Nociceptor-specific gene deletion reveals a major role for Na v 1.7 (PN1) in acute and inflammatory pain

Nine voltage-gated sodium channels are expressed in complex patterns in mammalian nerve and muscle. Three channels, Nav 1.7, Nav 1.8, and Nav 1.9, are expressed selectively in peripheral damage-sensing neurons. Because there are no selective blockers of these channels, we used gene ablation in mice to examine the function of Nav 1.7 (PN1) in pain pathways. A global Nav 1.7-null mutant was found to die shortly after birth. We therefore used the Cre-loxP system to generate nociceptor-specific knockouts. Nav 1.8 is only expressed in peripheral, mainly nociceptive, sensory neurons. We knocked Cre recombinase into the Nav 1.8 locus to generate heterozygous mice expressing Cre recombinase in Nav 1.8-positive sensory neurons. Crossing these animals with mice where Nav 1.7 exons 14 and 15 were flanked by loxP sites produced nociceptor-specific knockout mice that were viable and apparently normal.
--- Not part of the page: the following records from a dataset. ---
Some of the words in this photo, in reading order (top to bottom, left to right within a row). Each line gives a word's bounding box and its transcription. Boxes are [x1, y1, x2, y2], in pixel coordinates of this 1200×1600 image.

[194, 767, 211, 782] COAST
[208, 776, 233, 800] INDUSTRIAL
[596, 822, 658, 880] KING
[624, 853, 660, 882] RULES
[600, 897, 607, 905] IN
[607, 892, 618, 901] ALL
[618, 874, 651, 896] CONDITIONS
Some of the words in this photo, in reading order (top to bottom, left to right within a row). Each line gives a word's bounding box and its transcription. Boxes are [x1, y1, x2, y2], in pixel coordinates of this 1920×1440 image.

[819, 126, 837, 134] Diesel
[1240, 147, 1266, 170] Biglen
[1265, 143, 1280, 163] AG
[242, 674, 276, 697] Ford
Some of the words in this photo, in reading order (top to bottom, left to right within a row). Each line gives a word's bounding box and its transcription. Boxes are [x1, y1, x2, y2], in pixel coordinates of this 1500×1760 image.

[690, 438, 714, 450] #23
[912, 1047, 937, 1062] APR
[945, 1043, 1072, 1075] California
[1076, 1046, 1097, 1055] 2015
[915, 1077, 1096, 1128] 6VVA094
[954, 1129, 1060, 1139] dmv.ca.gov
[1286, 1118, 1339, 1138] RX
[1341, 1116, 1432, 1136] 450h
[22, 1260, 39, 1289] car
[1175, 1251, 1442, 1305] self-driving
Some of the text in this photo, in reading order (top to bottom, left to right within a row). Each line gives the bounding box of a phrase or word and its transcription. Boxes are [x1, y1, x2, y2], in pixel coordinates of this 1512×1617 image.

These animals showed increased mechanical and thermal pain thresholds. Remarkably, all inflammatory pain responses evoked by a range of stimuli, such as formalin, carrageenan, complete Freund's adjuvant, or nerve growth factor, were reduced or abolished. A congenital pain syndrome in humans recently has been mapped to the Nav 1.7 gene,SCN9A . Dominant Nav 1.7 mutations lead to edema, redness, warmth, and bilateral pain in human erythermalgia patients, confirming an important role for Nav 1.7 in inflammatory pain. Nociceptor-specific gene ablation should prove useful in understanding the role of other broadly expressed genes in pain pathways.